### [WHAT THE EXERCISE ASKS]
With the line containing "Some of the text" as the first line and the last line of the records as the final one, reproduce that range exactly.

### [DATA LISTING]
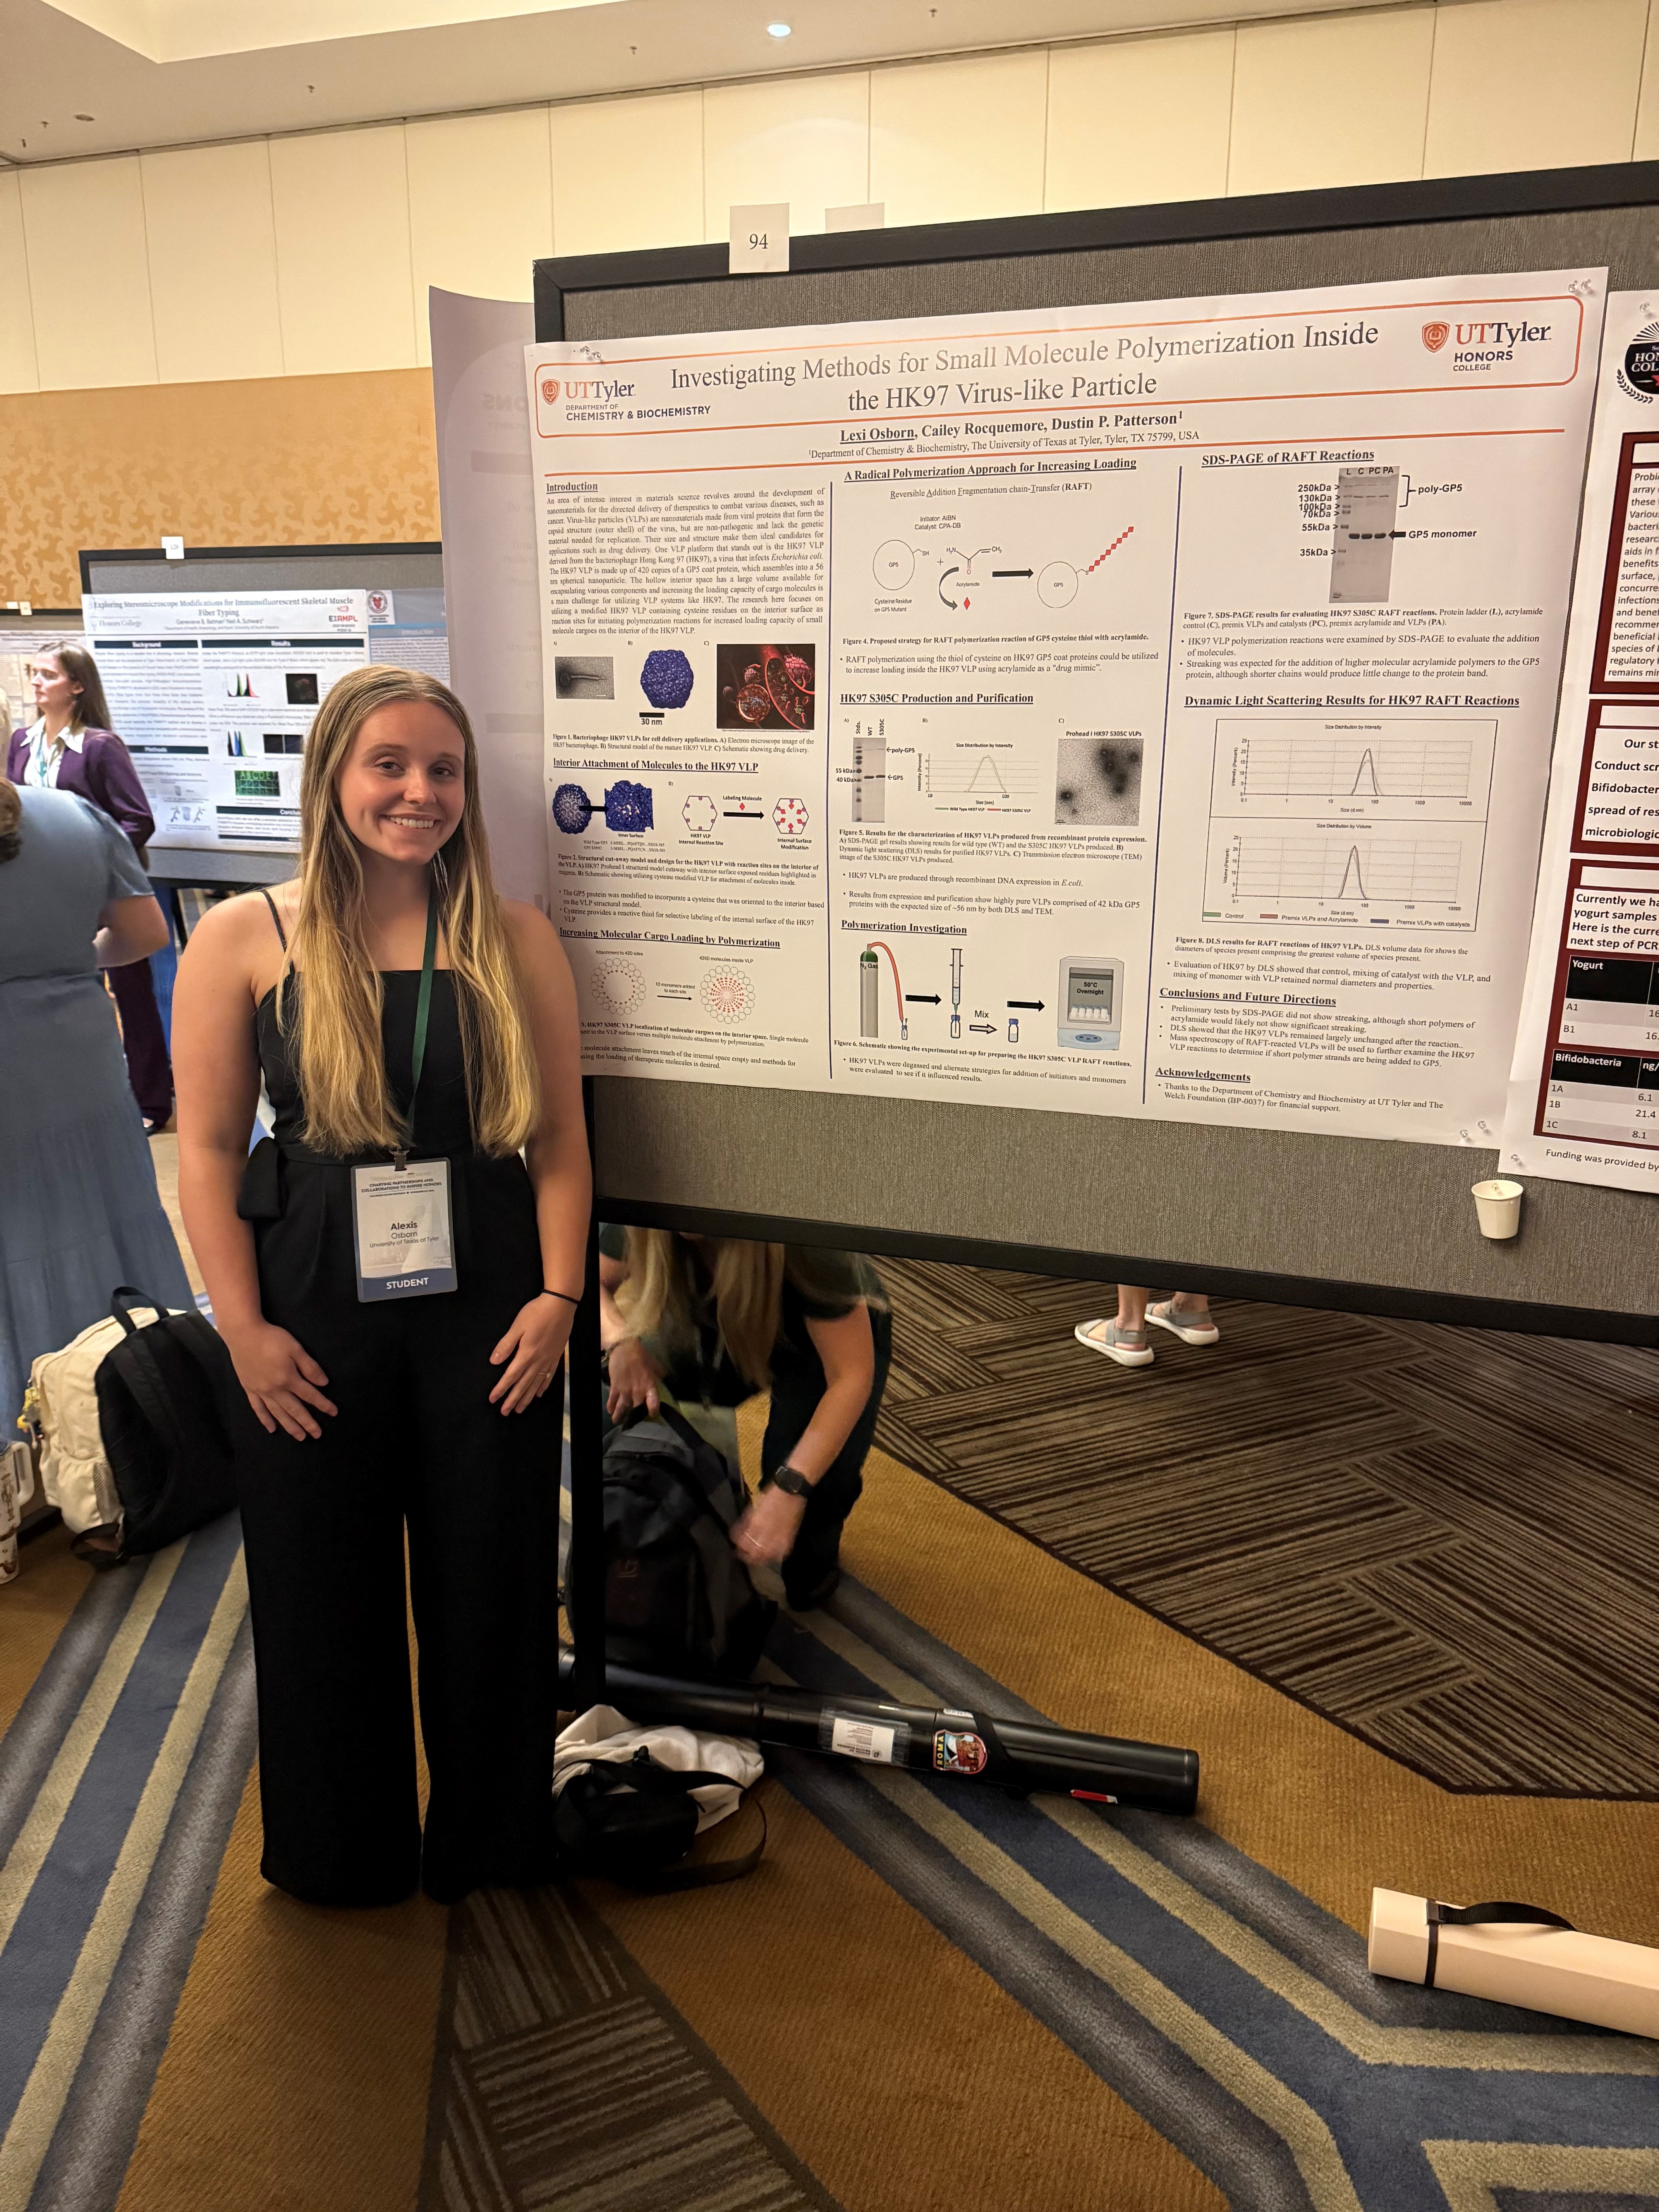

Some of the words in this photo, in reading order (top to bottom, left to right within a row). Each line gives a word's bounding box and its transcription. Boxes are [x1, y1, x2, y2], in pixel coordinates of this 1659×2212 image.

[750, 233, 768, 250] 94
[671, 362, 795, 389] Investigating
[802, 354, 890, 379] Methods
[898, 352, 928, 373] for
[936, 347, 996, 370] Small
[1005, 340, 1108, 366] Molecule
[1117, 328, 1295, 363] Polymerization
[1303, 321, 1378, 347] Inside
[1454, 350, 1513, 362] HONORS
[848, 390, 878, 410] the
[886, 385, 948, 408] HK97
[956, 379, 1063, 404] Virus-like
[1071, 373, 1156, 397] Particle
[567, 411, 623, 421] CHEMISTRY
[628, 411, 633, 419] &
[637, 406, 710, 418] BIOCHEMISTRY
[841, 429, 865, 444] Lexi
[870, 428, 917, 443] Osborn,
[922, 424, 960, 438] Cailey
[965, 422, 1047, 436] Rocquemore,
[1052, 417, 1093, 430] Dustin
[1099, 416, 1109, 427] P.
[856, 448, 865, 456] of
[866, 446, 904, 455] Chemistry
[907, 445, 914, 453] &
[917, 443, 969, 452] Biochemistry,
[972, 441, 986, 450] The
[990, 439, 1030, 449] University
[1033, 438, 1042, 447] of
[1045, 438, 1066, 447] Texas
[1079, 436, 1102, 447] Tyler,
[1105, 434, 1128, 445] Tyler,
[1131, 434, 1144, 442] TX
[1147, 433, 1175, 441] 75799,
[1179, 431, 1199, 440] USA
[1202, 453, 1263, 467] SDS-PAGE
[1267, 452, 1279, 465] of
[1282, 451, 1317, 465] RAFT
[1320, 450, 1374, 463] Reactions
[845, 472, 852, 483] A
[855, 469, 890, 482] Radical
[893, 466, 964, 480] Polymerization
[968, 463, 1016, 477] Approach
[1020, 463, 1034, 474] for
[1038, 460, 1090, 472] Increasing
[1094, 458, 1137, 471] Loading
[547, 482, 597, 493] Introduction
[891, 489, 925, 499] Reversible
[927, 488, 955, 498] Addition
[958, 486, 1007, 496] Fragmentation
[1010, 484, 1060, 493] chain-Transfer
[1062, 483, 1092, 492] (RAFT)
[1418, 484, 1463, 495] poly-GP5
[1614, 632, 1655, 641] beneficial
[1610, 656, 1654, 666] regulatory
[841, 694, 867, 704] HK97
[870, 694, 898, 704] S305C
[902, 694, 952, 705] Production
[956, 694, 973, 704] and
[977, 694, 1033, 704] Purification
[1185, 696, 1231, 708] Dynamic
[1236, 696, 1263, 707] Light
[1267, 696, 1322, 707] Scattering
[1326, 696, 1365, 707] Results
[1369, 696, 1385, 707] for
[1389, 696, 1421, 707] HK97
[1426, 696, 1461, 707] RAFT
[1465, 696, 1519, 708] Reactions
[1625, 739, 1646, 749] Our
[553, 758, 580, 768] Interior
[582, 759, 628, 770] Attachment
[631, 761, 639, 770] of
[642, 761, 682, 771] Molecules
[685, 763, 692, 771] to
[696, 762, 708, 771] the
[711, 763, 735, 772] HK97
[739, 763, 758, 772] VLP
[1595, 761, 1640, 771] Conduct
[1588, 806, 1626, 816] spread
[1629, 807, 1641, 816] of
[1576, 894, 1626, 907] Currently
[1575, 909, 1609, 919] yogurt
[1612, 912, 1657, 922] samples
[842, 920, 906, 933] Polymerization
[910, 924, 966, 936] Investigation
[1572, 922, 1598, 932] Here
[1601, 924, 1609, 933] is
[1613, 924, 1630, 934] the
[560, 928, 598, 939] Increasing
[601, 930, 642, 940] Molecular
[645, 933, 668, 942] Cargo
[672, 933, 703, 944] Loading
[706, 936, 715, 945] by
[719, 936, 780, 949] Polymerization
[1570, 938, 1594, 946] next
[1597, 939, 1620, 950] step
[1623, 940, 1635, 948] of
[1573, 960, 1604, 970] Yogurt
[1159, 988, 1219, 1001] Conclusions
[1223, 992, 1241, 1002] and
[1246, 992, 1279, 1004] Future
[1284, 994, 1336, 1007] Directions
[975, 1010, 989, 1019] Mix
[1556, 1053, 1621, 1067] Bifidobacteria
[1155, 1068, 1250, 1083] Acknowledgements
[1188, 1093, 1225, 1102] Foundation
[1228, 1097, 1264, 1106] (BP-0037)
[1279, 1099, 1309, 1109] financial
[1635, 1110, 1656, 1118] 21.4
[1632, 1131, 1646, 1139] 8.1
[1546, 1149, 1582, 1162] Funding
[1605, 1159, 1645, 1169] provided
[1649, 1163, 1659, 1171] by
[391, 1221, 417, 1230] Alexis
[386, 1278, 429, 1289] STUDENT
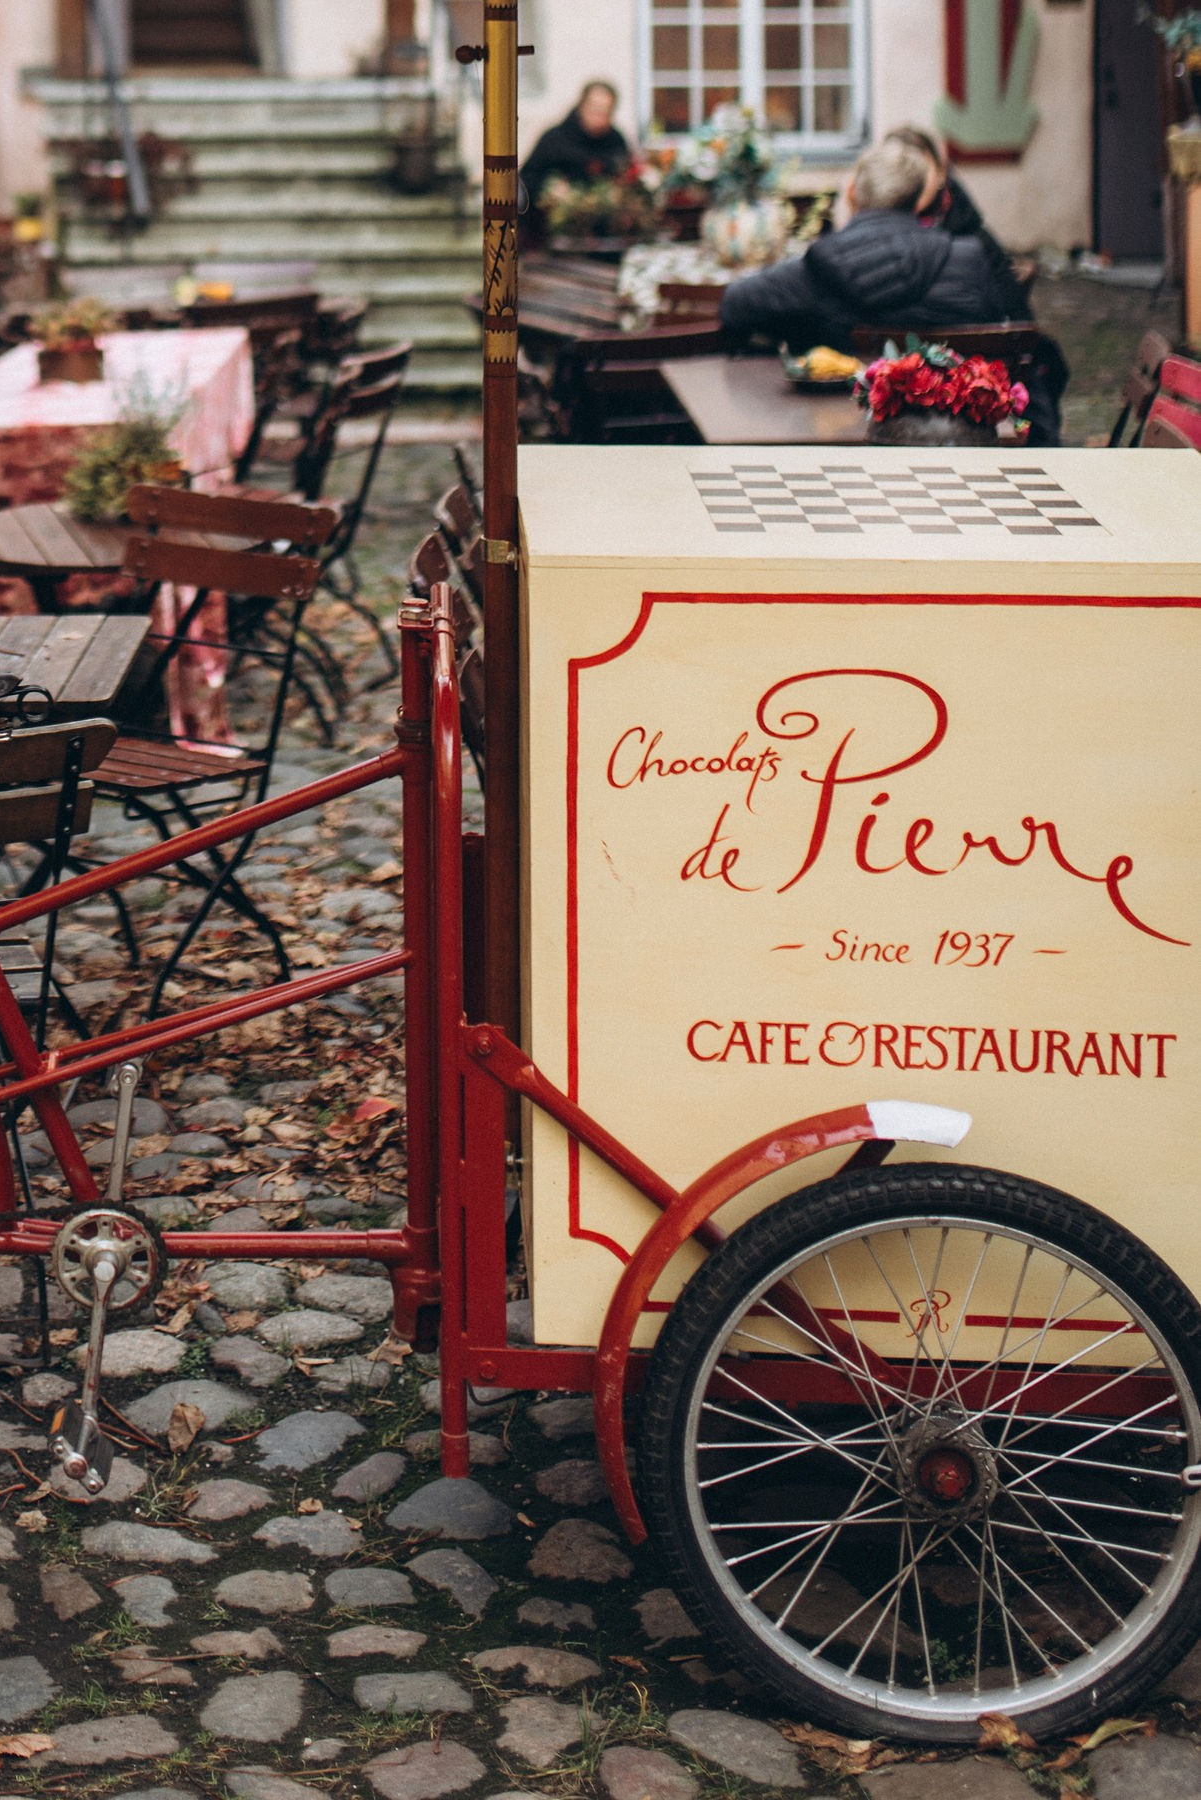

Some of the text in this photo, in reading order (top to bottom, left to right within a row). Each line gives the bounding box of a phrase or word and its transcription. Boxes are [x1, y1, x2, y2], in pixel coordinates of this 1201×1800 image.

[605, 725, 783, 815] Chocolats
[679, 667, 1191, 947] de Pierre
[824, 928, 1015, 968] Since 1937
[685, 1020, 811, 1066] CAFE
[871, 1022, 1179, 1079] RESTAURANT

### [YOUR SOLUTION]
Some of the text in this photo, in reading order (top to bottom, left to right within a row). Each line gives the bounding box of a phrase or word and its transcription. Boxes are [x1, y1, x2, y2], in pixel coordinates of this 1201×1800 image.

[605, 725, 783, 815] Chocolats
[679, 667, 1191, 947] de Pierre
[824, 928, 1015, 968] Since 1937
[685, 1020, 811, 1066] CAFE
[871, 1022, 1179, 1079] RESTAURANT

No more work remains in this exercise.